Subject: Re: select(2) question...
To: der Mouse <mouse@Collatz.McRCIM.McGill.EDU>
From: Ken Hornstein <email@example.com>
Date: 12/14/1994 13:37:08
>> If I'm not mistaken, an end of file is signalled by a zero-length
>Mostly true. Zero-length reads can also indicate no data available in
>> If select says the data is available for reading, and read() returns
>> zero, then the file is closed.
>No - just that EOF has been reached.
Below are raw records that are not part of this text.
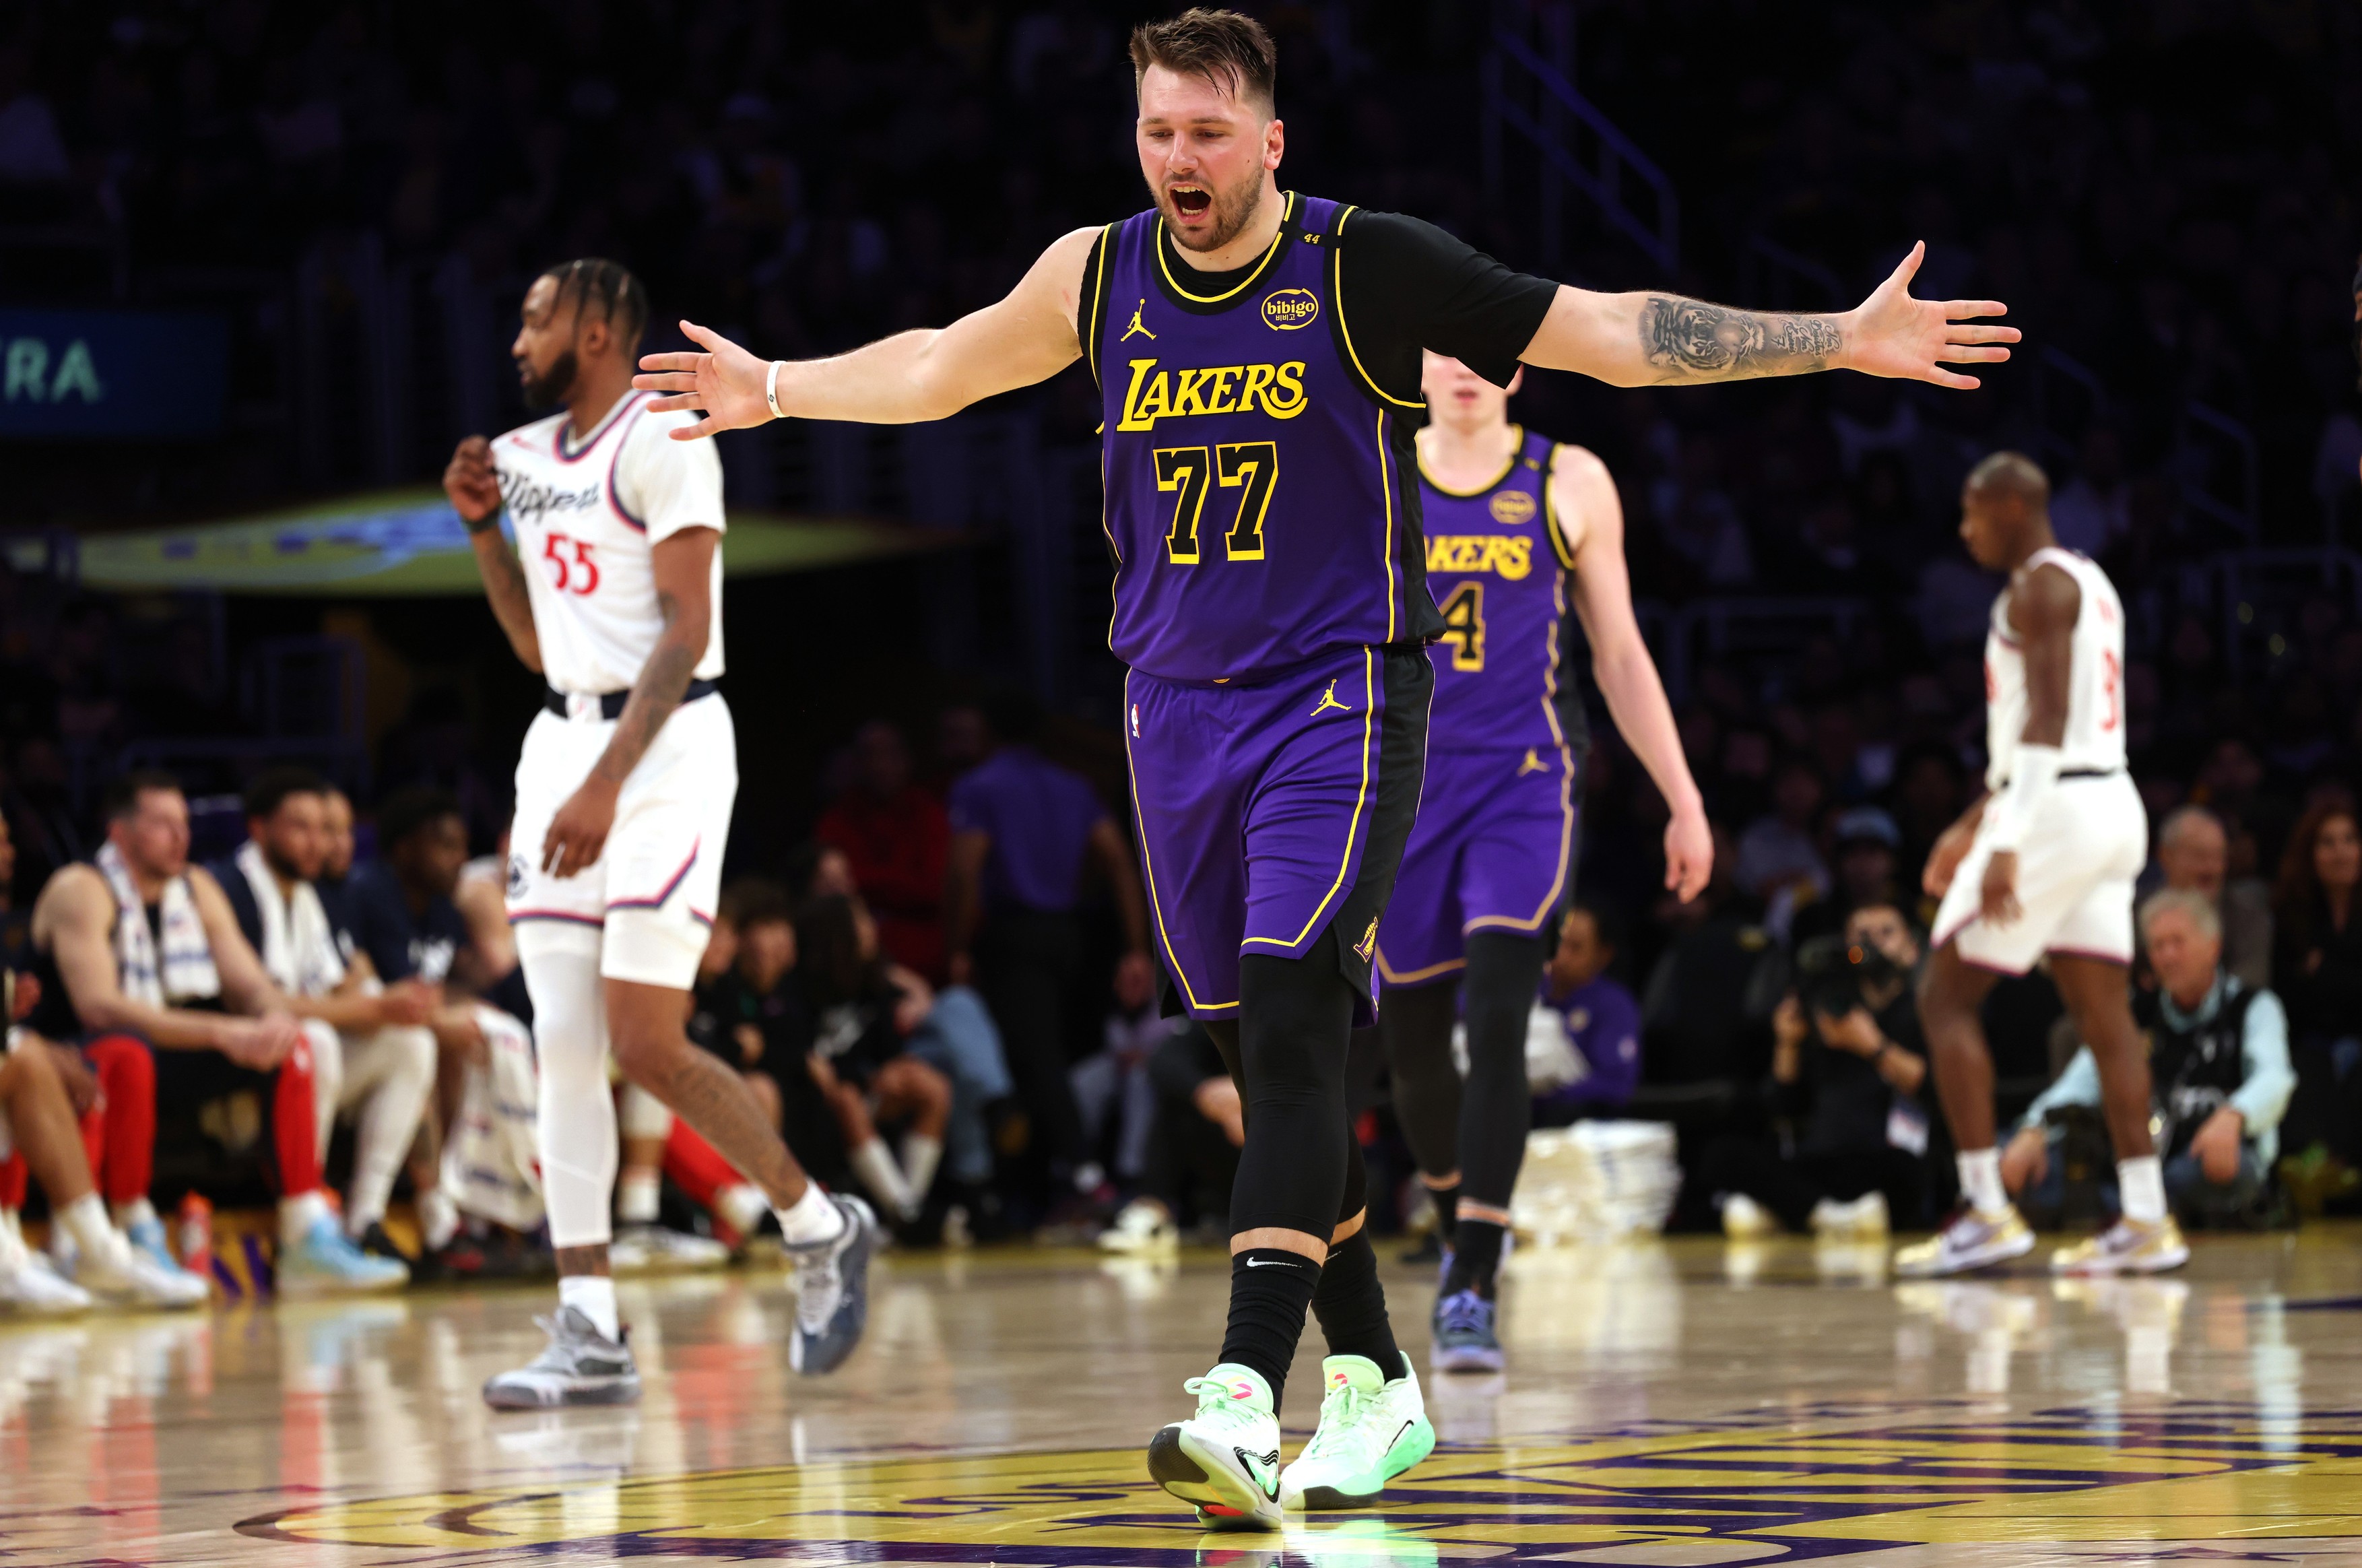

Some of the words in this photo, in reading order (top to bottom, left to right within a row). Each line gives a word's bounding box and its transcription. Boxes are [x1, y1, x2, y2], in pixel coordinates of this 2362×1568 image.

[1304, 234, 1320, 244] 44
[1267, 299, 1315, 317] bibigo
[1799, 327, 1814, 353] Non
[1825, 325, 1840, 350] Non
[0, 337, 105, 404] RA
[1116, 358, 1309, 432] LAKERS
[1152, 441, 1279, 565] 77
[544, 533, 600, 597] 55
[1424, 535, 1534, 581] KERS
[1439, 580, 1486, 672] 4
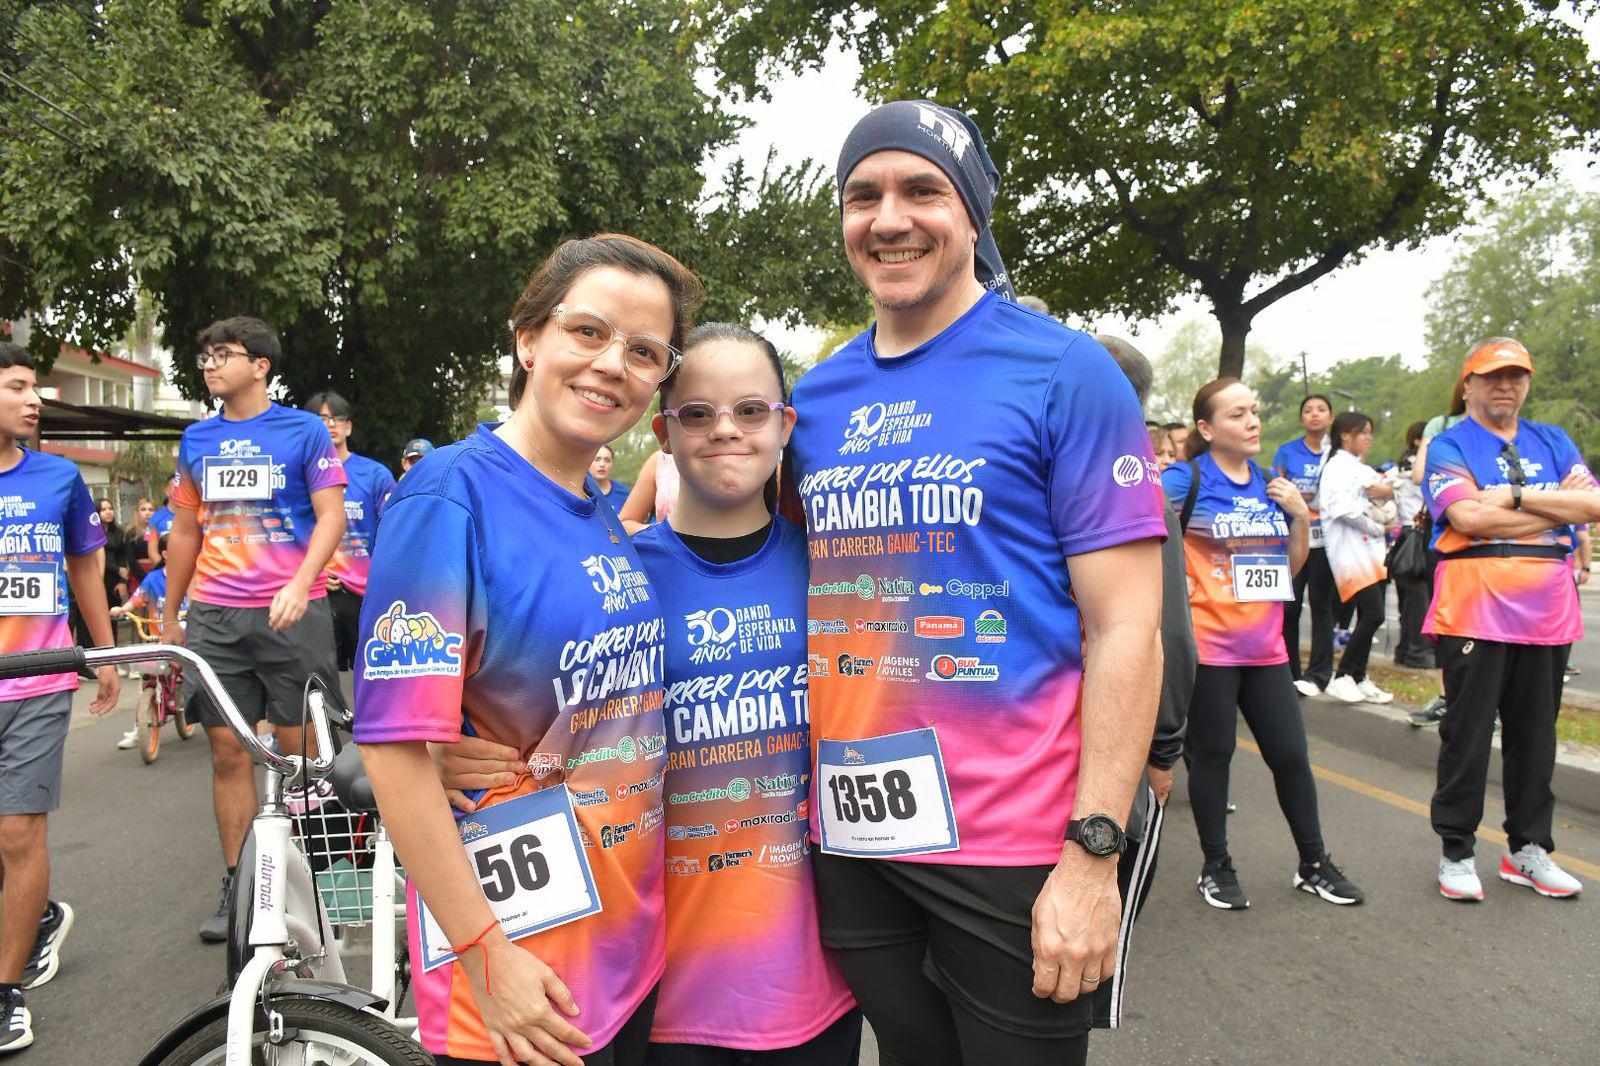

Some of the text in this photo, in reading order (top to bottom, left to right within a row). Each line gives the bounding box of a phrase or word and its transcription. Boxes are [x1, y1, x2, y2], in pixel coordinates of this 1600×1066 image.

[887, 400, 916, 417] DANDO
[844, 402, 886, 438] 50
[882, 413, 932, 432] ESPERANZA
[839, 435, 878, 456] AÑOS
[878, 429, 912, 446] DE VIDA
[218, 469, 258, 488] 1229
[862, 458, 912, 492] POR
[912, 453, 986, 484] ELLOS
[812, 483, 983, 533] CAMBIA TODO
[1212, 523, 1230, 538] LO
[33, 534, 62, 552] TODO
[833, 534, 884, 558] CARRERA
[887, 531, 955, 554] GANAC-TEC
[581, 555, 621, 594] 50
[1245, 569, 1279, 588] 2357
[0, 577, 40, 598] 256
[946, 578, 1010, 599] Coppel
[736, 604, 771, 623] DANDO
[684, 607, 737, 646] 50
[738, 617, 797, 639] ESPERANZA
[366, 636, 461, 668] GANAC
[560, 624, 635, 672] CORRER
[633, 618, 662, 653] POR
[689, 642, 737, 665] AÑOS
[739, 633, 782, 654] DE VIDA
[957, 659, 978, 668] BUX
[957, 667, 997, 676] PUNTUAL
[733, 664, 791, 702] POR
[673, 692, 787, 744] CAMBIA
[700, 738, 763, 767] CARRERA
[670, 788, 727, 804] ConCrédito
[828, 769, 917, 823] 1358
[474, 834, 550, 902] 56
[260, 854, 276, 912] alurock
[501, 912, 520, 923] honor
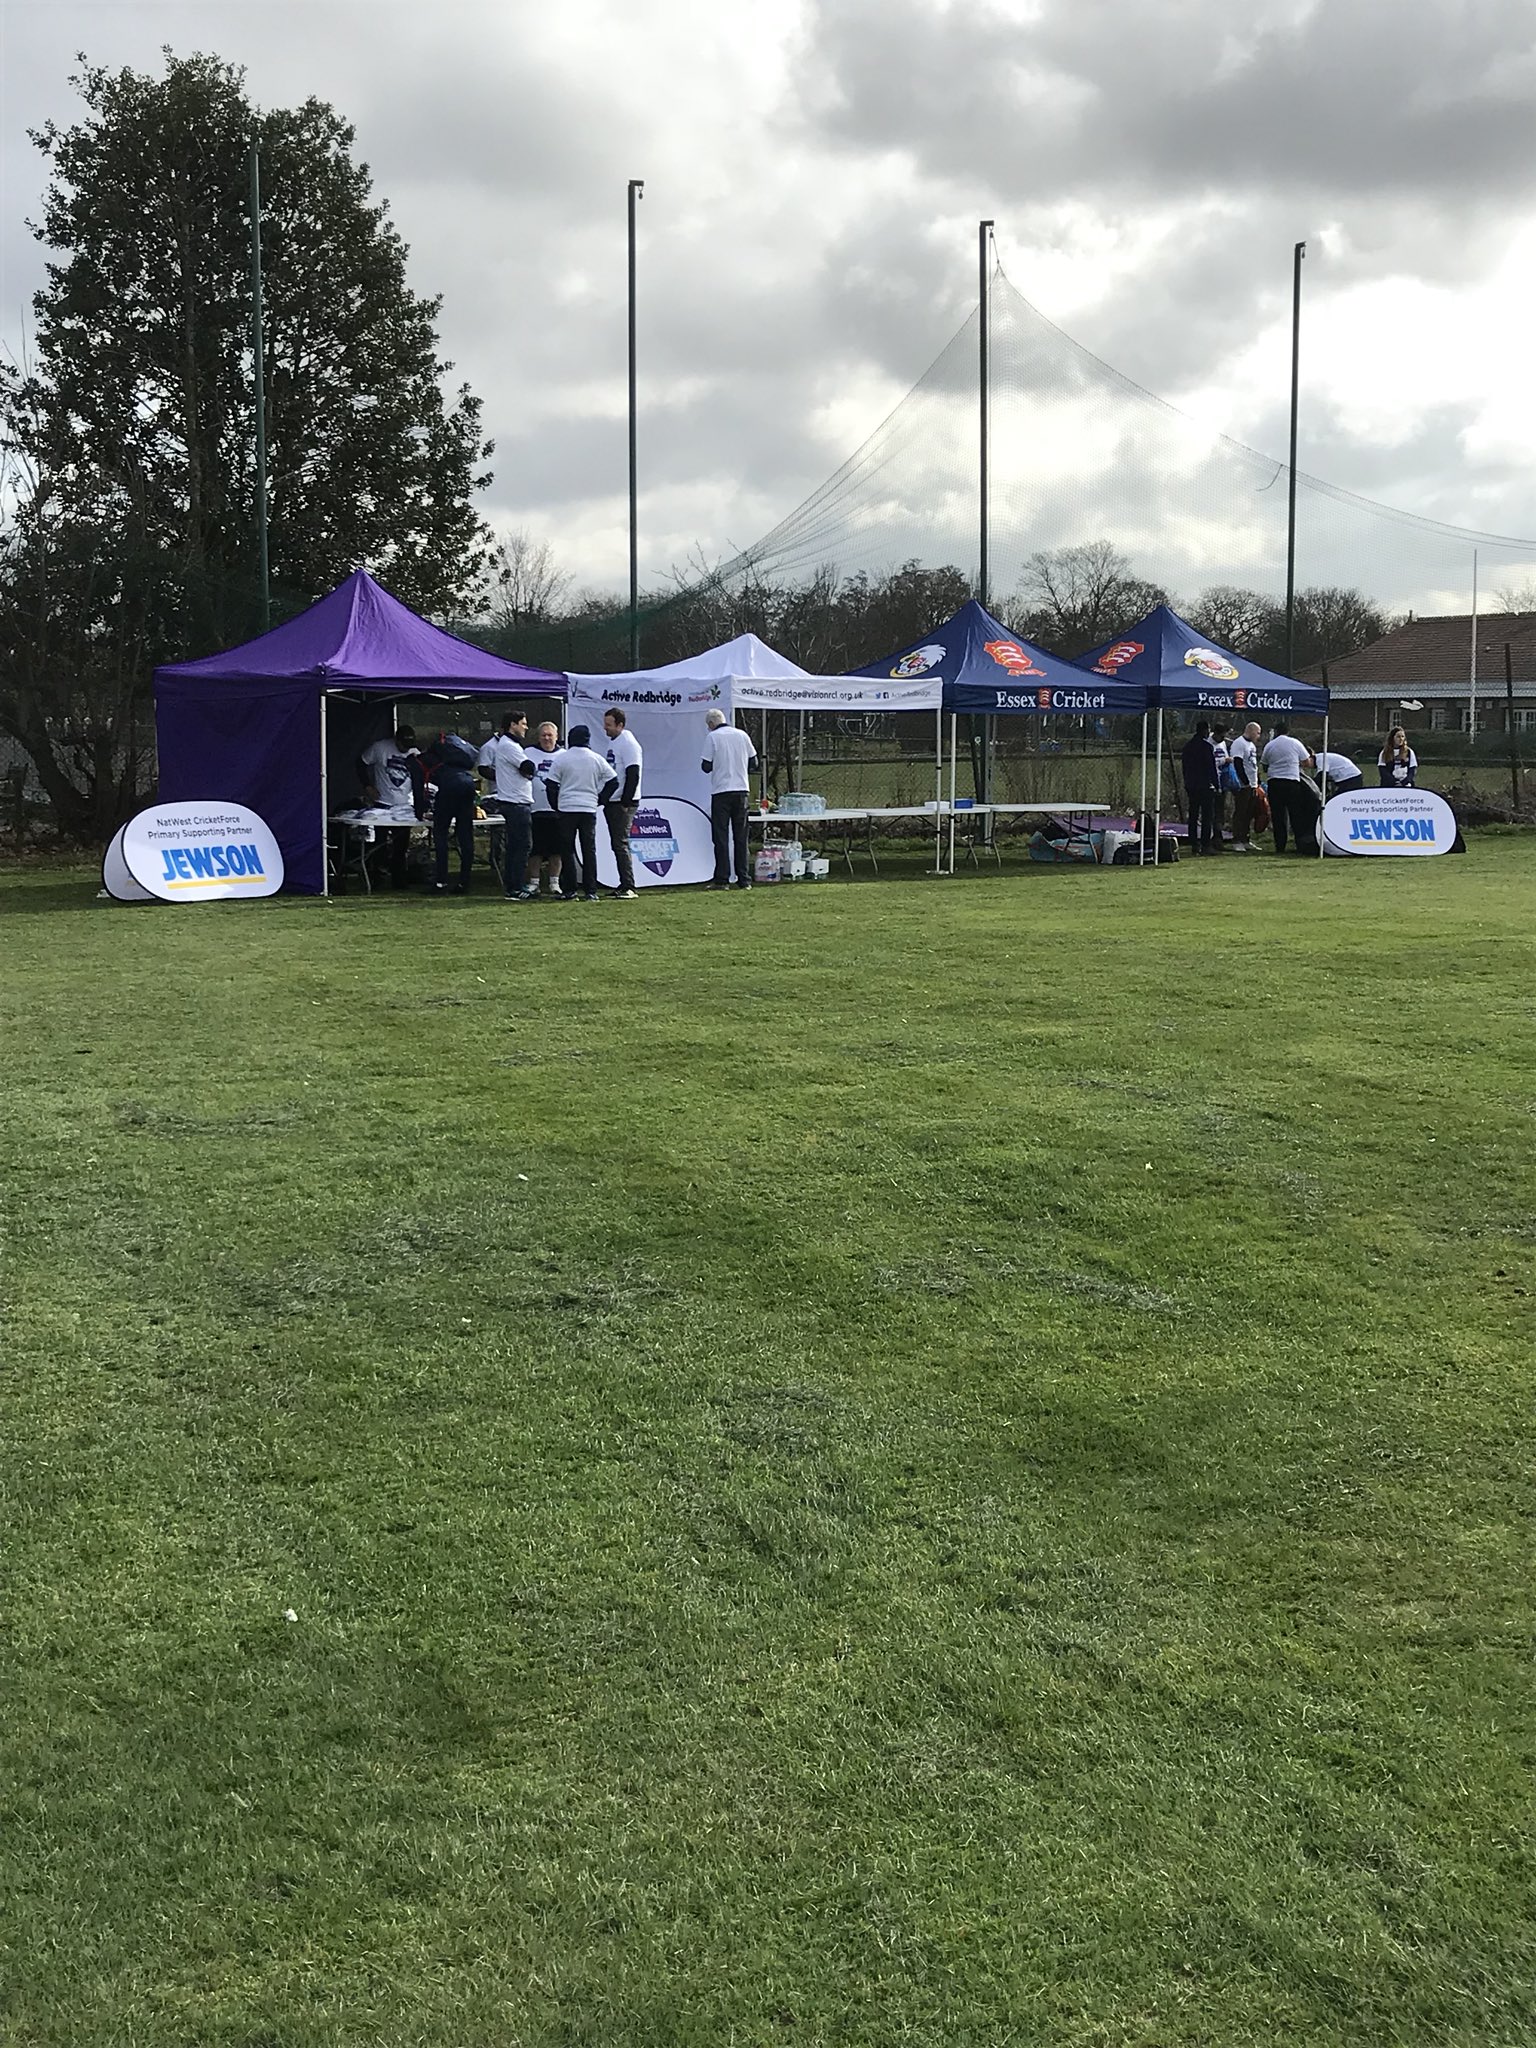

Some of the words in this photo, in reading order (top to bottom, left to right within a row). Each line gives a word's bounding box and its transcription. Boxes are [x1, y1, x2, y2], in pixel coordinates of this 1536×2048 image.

If a non-open file descriptor
>number is passed to select(), it returns EBADF.
What I meant was that the file descriptor had been closed at the other end, but
it's easy to read that either way.
>Note that it is also possible for select() to indicate reading is
>possible but for a read to return zero if:
> - Another process also holds a copy of that file descriptor
> (eg, inherited via fork).
> - The fd is nonblocking.
> - The other process consumed all available data between the
> time select() returned and the time read() was called.
Certainly an obscure set of conditions! :-) Which leads me to wonder; is there
another way to detect EOF on a descriptor?
>By the way, this strikes me as off-topic for tech-userlevel; it's
>actually about syscalls in general and the guts of select(). Perhaps
>tech-userlevel should be removed from the cc list?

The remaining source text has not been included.